The location of the hardware registers starts at $FD00 and continues to $FD1F, in groups of four consecutive bytes (BKUP, CTLA, CNT and CTLB) per timer. So, $FD00 to $FD03 for timer 0’s backup, static control, current count and dynamic control, then $FD04 to $FD07 for timer 1 all the way to $FD1C – $FD1F for timer 7’s bytes.

The backup value and the current value are full 8-bit values. They range from 0 to 255 as an unsigned byte and do not really deserve much explanation. Both can be written to and read from. By writing to the backup value you set the counter for the timer upon reload. It usually does not have an immediate effect. Writing a byte to the count byte will immediately change the current value. It might be a good idea to disable a timer first before writing a new value into count.

Static and dynamic control

The other two bytes are more complicated. Both are composed of individual bits that have a specific meaning.

The static control has three Enable bits: for the timer itself, the reloading and the interrupt. When the value of the particular bit is a 1 (one) it is enabled. For 0 (zero) the specific function or behavior is disabled.

One bit is used to indicate that the Timer Done bit should be reset to zero.
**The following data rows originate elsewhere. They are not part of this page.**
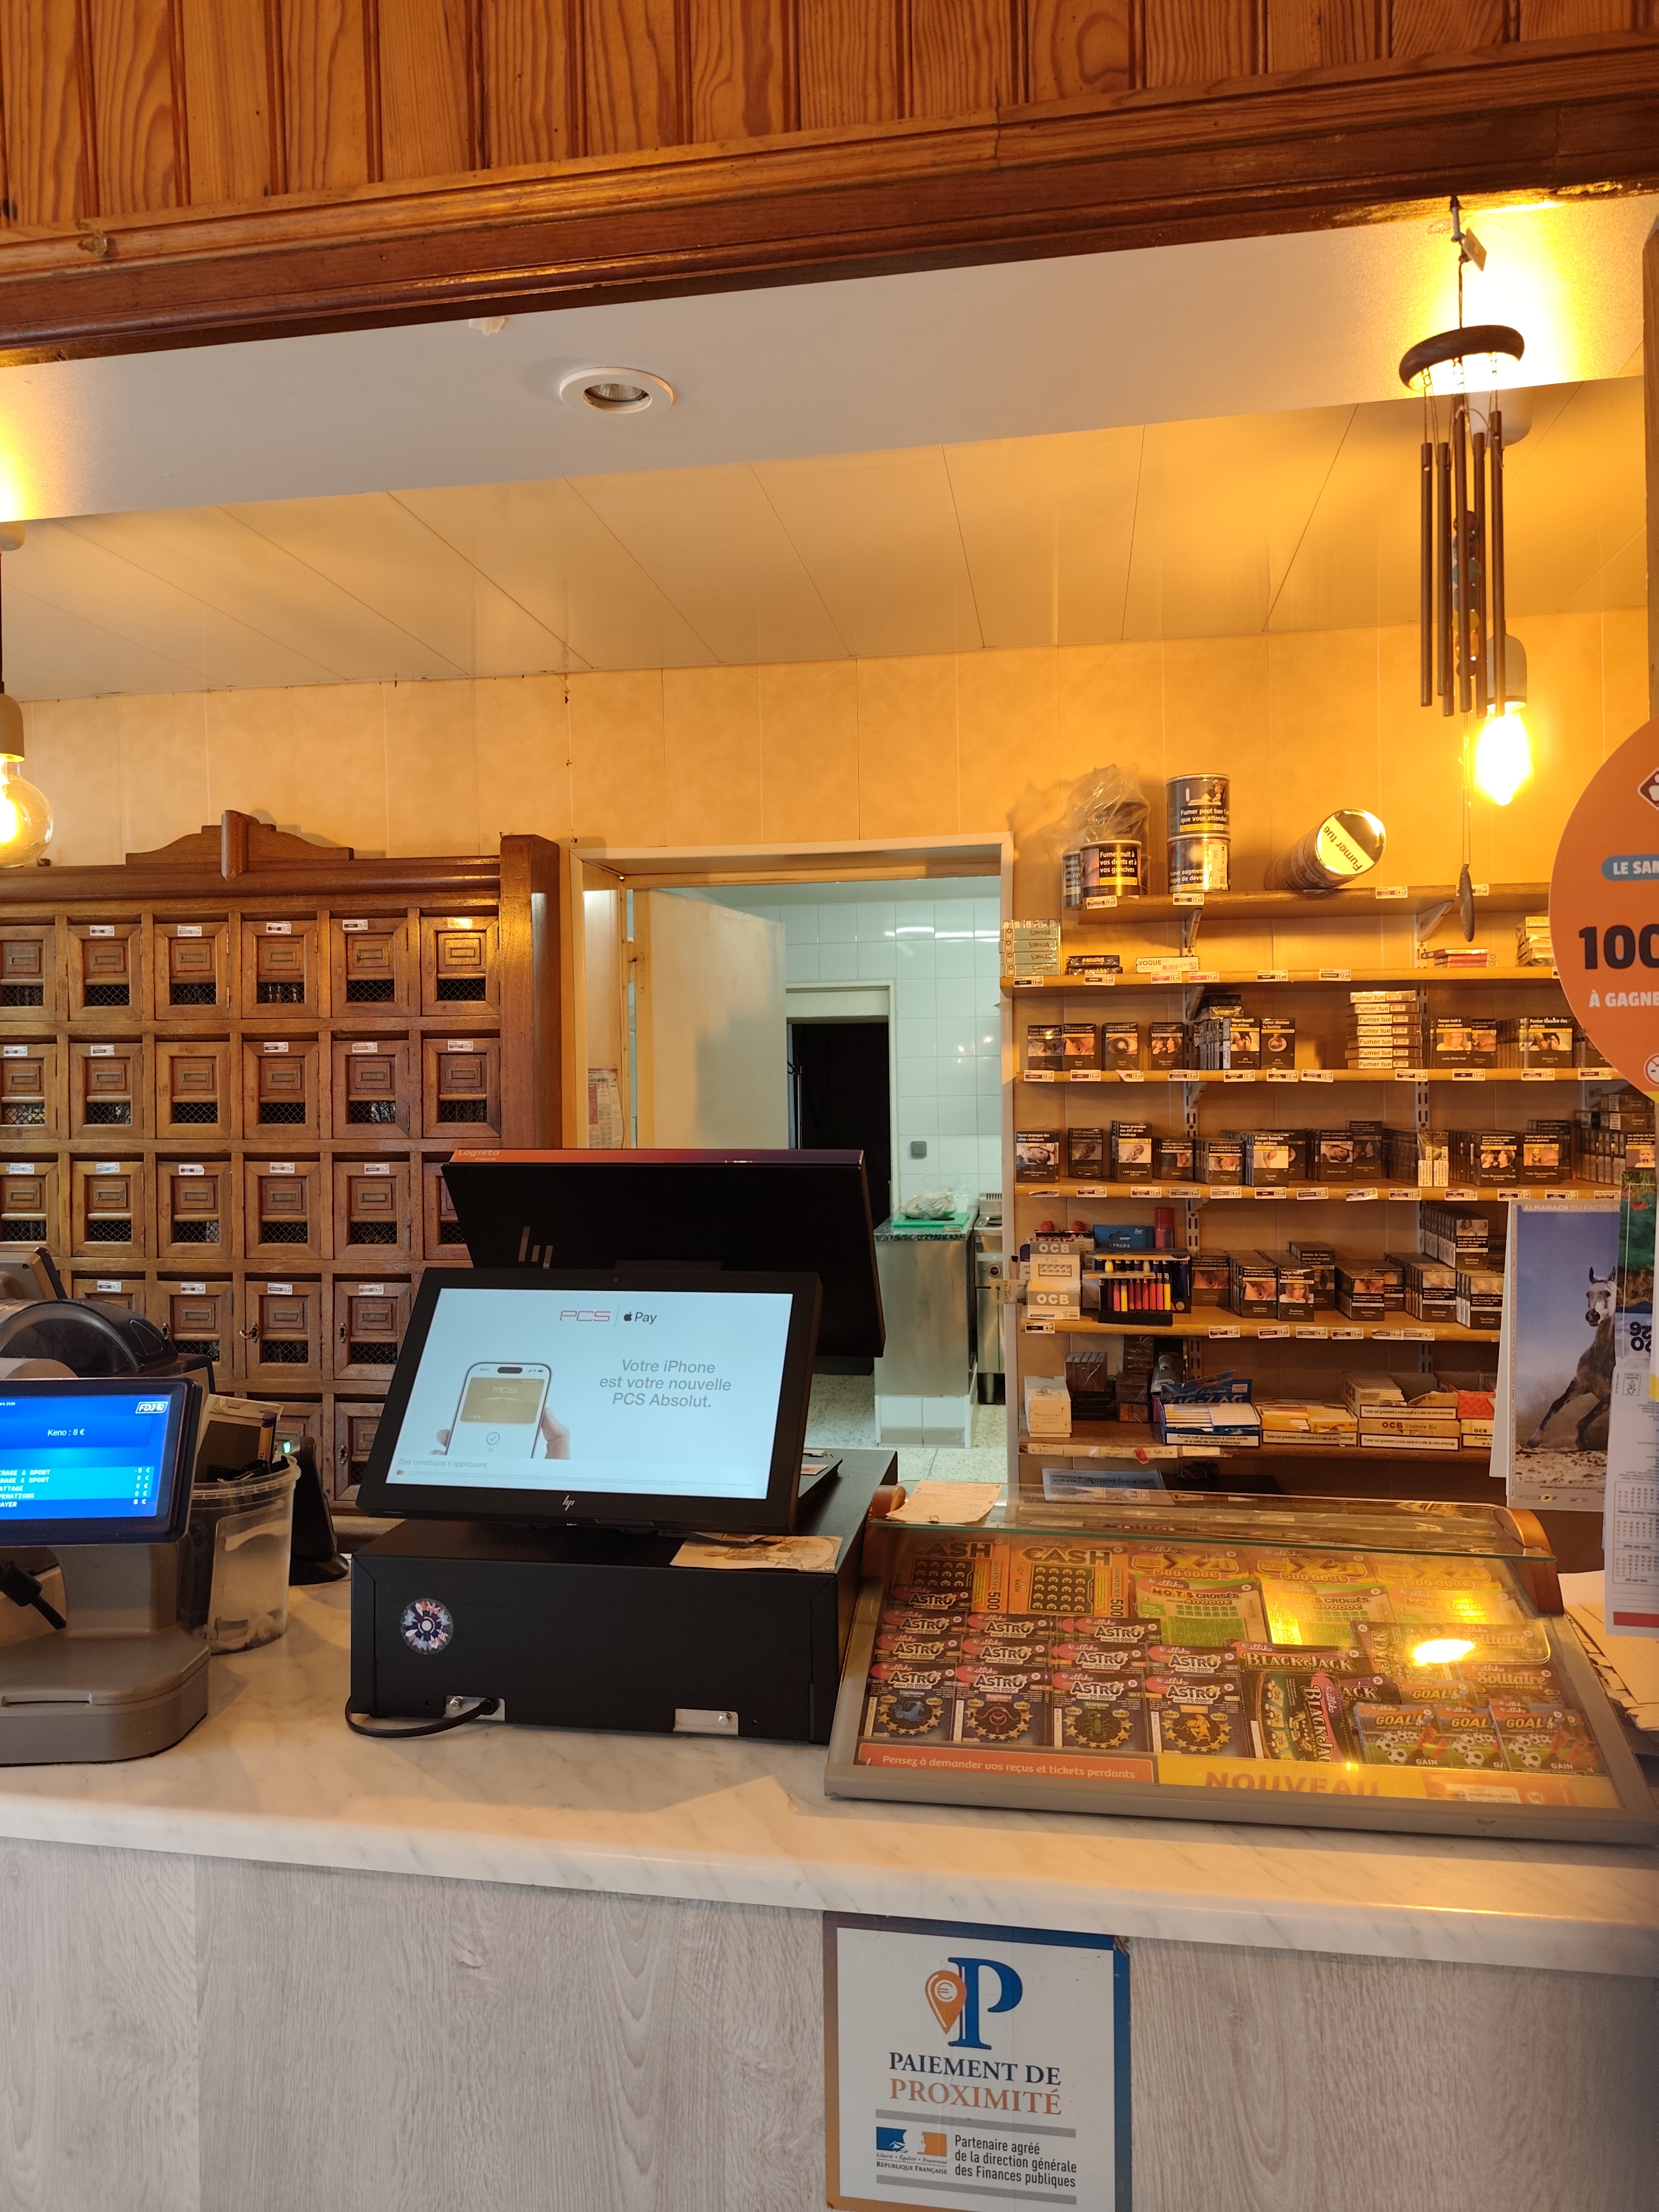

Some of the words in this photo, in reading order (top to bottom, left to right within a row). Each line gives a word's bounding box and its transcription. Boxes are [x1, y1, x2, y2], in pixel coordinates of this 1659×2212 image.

[1323, 826, 1337, 843] tue
[1336, 843, 1362, 871] Fumer
[1613, 862, 1628, 875] LE
[1589, 990, 1600, 1007] À
[1039, 1243, 1070, 1253] OCB
[1037, 1294, 1069, 1304] OCB
[560, 1310, 611, 1322] PCS
[634, 1311, 657, 1325] Pay
[621, 1359, 660, 1373] Votre
[663, 1359, 716, 1374] iPhone
[600, 1377, 623, 1390] est
[627, 1377, 664, 1390] votre
[668, 1377, 731, 1391] nouvelle
[612, 1392, 646, 1407] PCS
[649, 1393, 712, 1408] Absolut.
[909, 1593, 956, 1606] ASTRO
[987, 1592, 1000, 1610] 500
[1152, 1587, 1194, 1599] MOTS
[1196, 1592, 1240, 1600] CROISÉS
[1110, 1599, 1123, 1617] 500
[900, 1617, 949, 1631] ASTRO
[985, 1621, 1034, 1634] ASTRO
[893, 1642, 944, 1655] ASTRO
[980, 1646, 1032, 1660] ASTRO
[1249, 1643, 1272, 1651] illiko
[1076, 1651, 1128, 1666] ASTRO
[1169, 1654, 1221, 1669] ASTRO
[888, 1670, 941, 1684] ASTRO
[974, 1674, 1027, 1688] ASTRO
[1476, 1671, 1547, 1686] Solitaire
[1070, 1681, 1124, 1696] ASTRO
[1166, 1685, 1220, 1700] ASTRO
[883, 1756, 917, 1767] Pensez
[920, 1756, 927, 1765] à
[929, 1758, 983, 1770] demander
[1006, 1765, 1034, 1774] reçus
[1049, 1764, 1084, 1776] tickets
[1088, 1768, 1135, 1779] perdants
[1205, 1771, 1379, 1796] NOUVEAU
[948, 1957, 1023, 2050] P
[889, 2052, 1018, 2081] PAIEMENT
[1025, 2065, 1061, 2086] DE
[890, 2078, 1062, 2115] PROXIMITÉ
[955, 2134, 1008, 2152] Partenaire
[1011, 2142, 1040, 2157] agréé
[877, 2162, 913, 2171] RÉPUBLIQUE
[915, 2165, 947, 2174] FRANÇAISE
[955, 2150, 968, 2163] de
[970, 2151, 980, 2163] la
[983, 2152, 1029, 2168] direction
[1031, 2156, 1077, 2173] générale
[955, 2163, 973, 2177] des
[976, 2165, 1022, 2182] Finances
[1025, 2170, 1076, 2189] publiques
It is a write-only bit and when written to will clear the Timer Done bit in the dynamic control byte (more on the dynamic control bits below).


The bits 0-2 are used to select the source period of the timer. This table will help you find the right bits for your needs:

Bits Value Description
000 0 1 µs (microsecond)
001 1 2 µs
010 2 4 µs
011 3 8 µs
100 4 16 µs
101 5 32 µs
110 6 64 µs
111 7 Linking (linked to previous timer in link order)

Here’s an example of a particular static control value: writing 0x98 to TIM1CTLA. That is 0%10011000 in binary. You can see bits 7, 4 and 3 are set. Looking at the meaning of the bits, this means timer 1 is enabled, it reloads and fires interrupts. The source period bits are 000, so that’s a 1 µs interval time for timer 1.

Another one: writing 0x4A (or 0%01001010 binary) to TIM5CTLA. This means that the Timer Done bit will be reset for the timer 5, and it is started at a 2 microsecond source period. It will not reload or fire an interrupt when it expires. For a count value of 199 the timer will expire after 400 microseconds.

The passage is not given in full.